### What is required
Copy the entries below verbatim, omitting any pictures they contain.

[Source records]

┌──

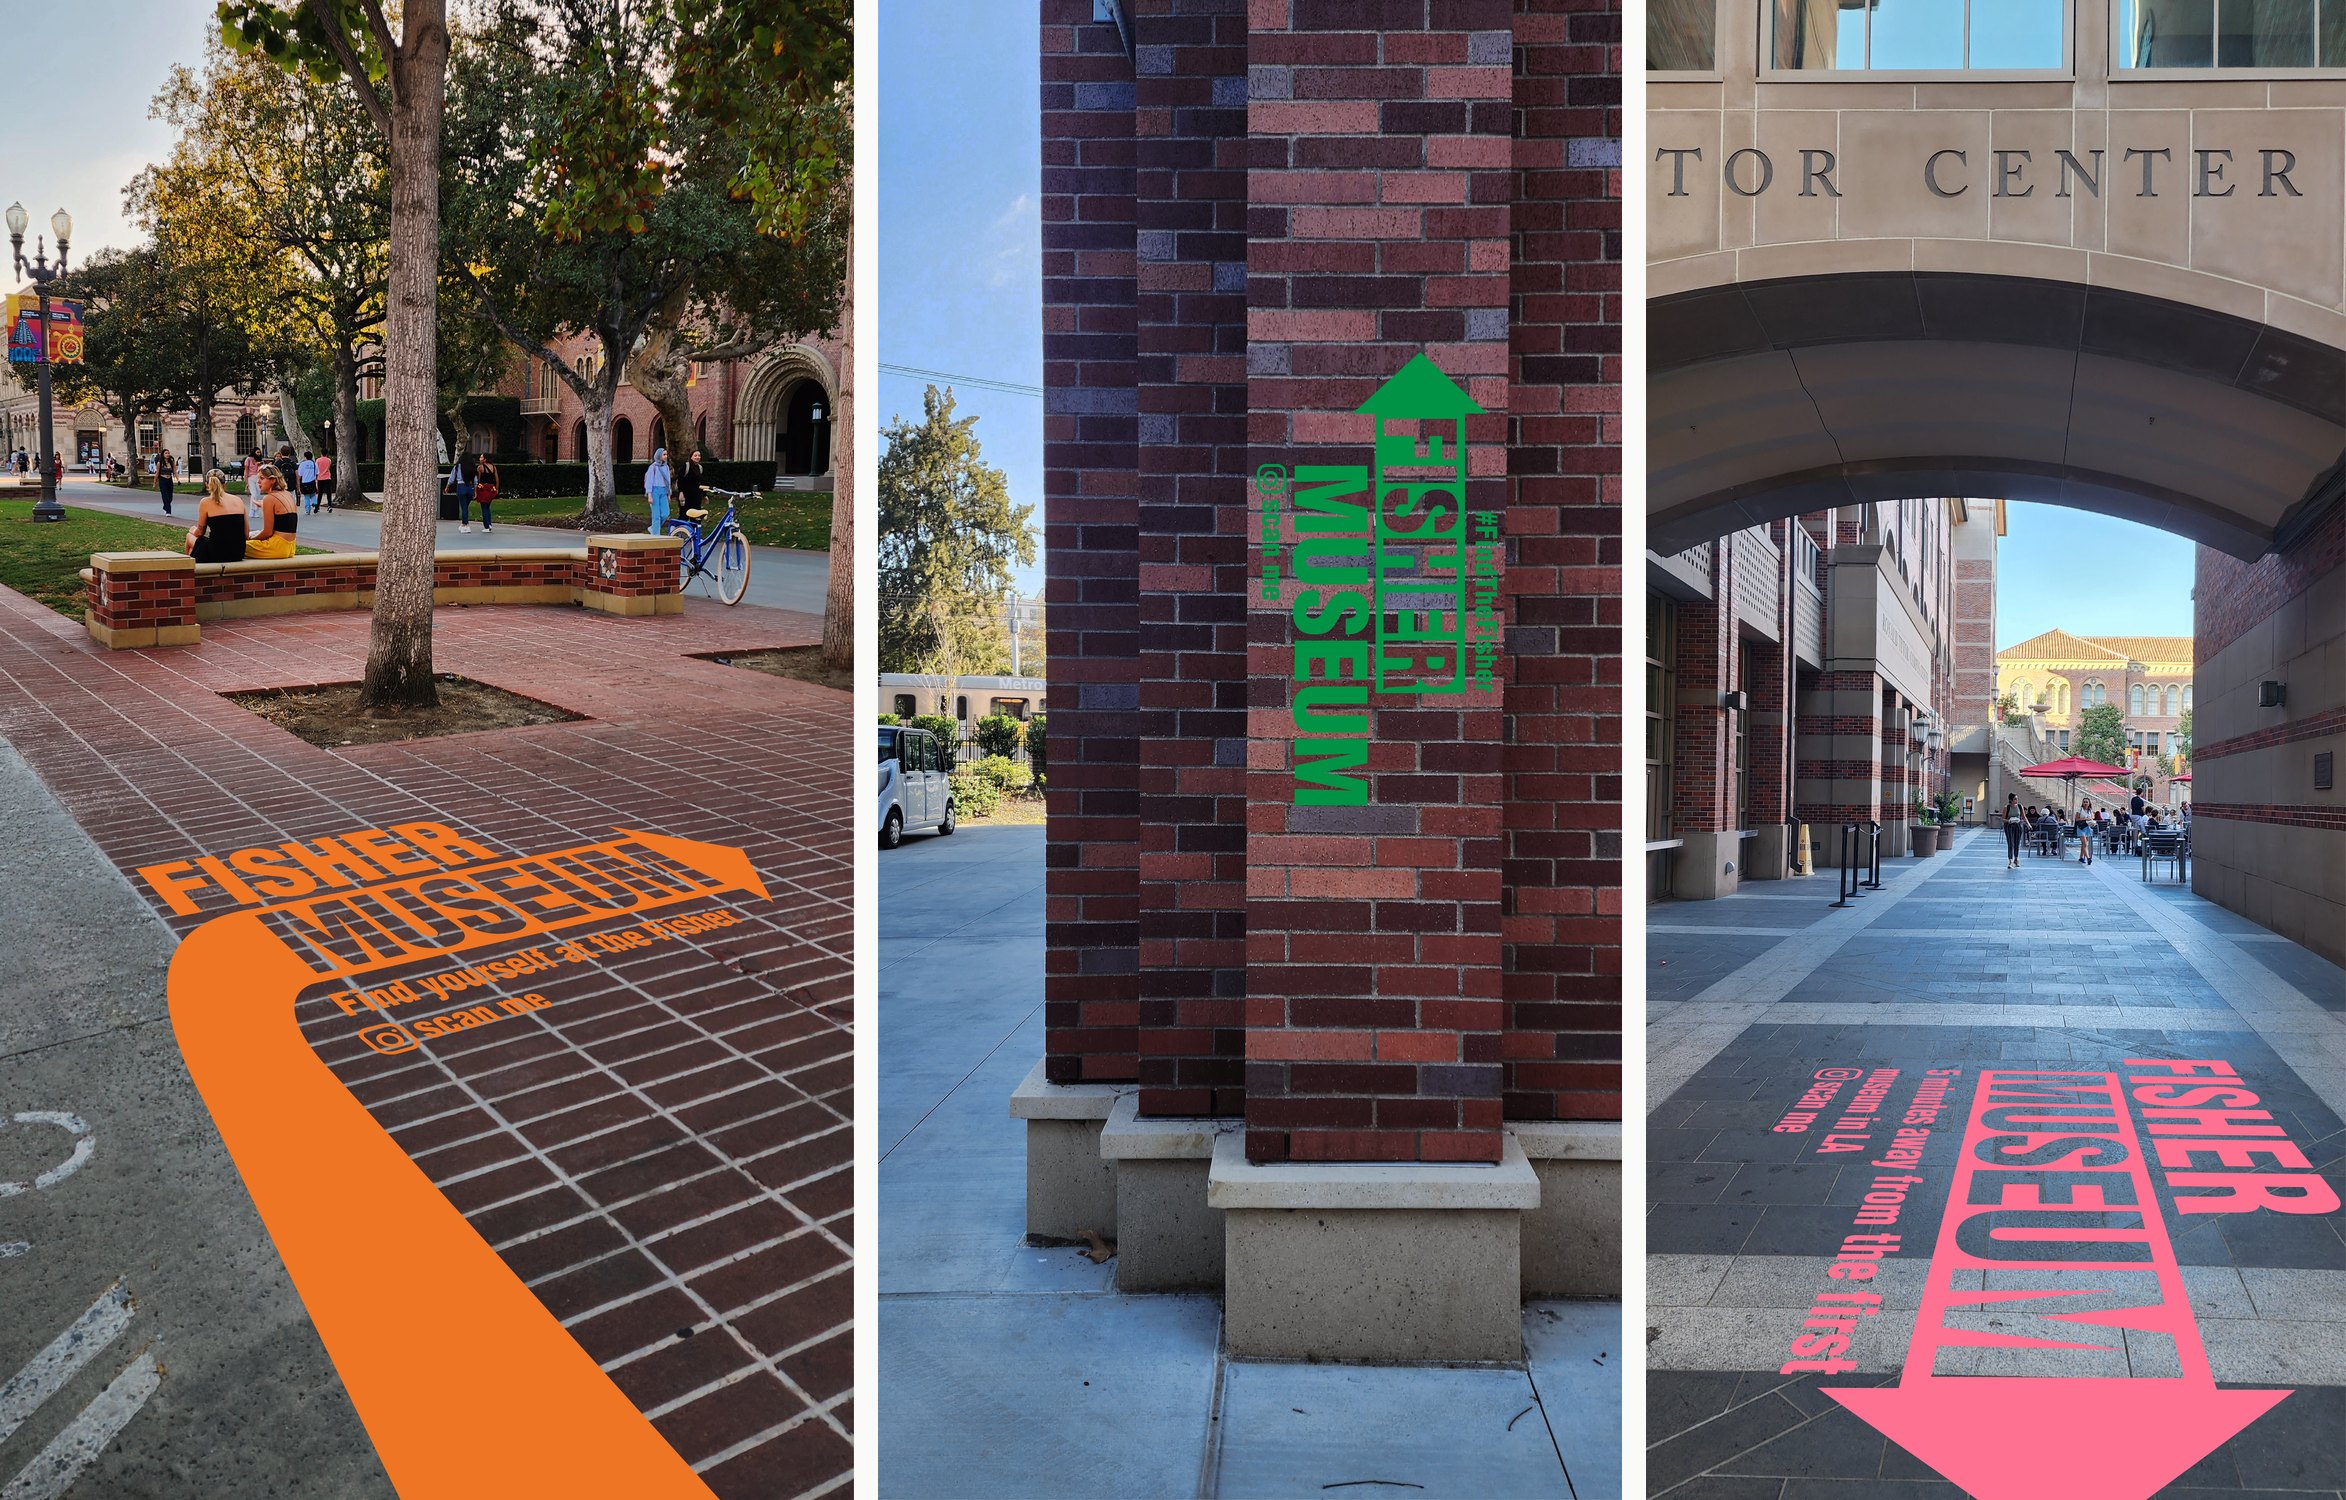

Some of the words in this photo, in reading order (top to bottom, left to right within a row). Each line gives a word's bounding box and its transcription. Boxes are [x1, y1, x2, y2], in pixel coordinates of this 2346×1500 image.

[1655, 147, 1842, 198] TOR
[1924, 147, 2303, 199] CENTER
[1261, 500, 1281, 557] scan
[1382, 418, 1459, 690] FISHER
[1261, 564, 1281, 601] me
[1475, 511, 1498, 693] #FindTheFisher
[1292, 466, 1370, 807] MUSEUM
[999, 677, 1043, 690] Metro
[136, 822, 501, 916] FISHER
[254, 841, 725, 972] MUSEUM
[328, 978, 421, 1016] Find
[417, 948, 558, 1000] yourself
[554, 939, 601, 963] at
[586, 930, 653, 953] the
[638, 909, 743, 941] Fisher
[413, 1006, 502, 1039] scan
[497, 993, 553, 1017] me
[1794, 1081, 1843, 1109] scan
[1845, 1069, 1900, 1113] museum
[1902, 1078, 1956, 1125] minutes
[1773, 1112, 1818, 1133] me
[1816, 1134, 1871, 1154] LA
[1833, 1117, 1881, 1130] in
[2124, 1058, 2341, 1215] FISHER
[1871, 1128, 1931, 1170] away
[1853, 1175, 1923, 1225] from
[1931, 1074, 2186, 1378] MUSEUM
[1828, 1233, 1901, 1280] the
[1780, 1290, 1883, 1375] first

└──

### Answer for the task
Some of the words in this photo, in reading order (top to bottom, left to right within a row). Each line gives a word's bounding box and its transcription. Boxes are [x1, y1, x2, y2], in pixel coordinates of this 2346×1500 image.

[1655, 147, 1842, 198] TOR
[1924, 147, 2303, 199] CENTER
[1261, 500, 1281, 557] scan
[1382, 418, 1459, 690] FISHER
[1261, 564, 1281, 601] me
[1475, 511, 1498, 693] #FindTheFisher
[1292, 466, 1370, 807] MUSEUM
[999, 677, 1043, 690] Metro
[136, 822, 501, 916] FISHER
[254, 841, 725, 972] MUSEUM
[328, 978, 421, 1016] Find
[417, 948, 558, 1000] yourself
[554, 939, 601, 963] at
[586, 930, 653, 953] the
[638, 909, 743, 941] Fisher
[413, 1006, 502, 1039] scan
[497, 993, 553, 1017] me
[1794, 1081, 1843, 1109] scan
[1845, 1069, 1900, 1113] museum
[1902, 1078, 1956, 1125] minutes
[1773, 1112, 1818, 1133] me
[1816, 1134, 1871, 1154] LA
[1833, 1117, 1881, 1130] in
[2124, 1058, 2341, 1215] FISHER
[1871, 1128, 1931, 1170] away
[1853, 1175, 1923, 1225] from
[1931, 1074, 2186, 1378] MUSEUM
[1828, 1233, 1901, 1280] the
[1780, 1290, 1883, 1375] first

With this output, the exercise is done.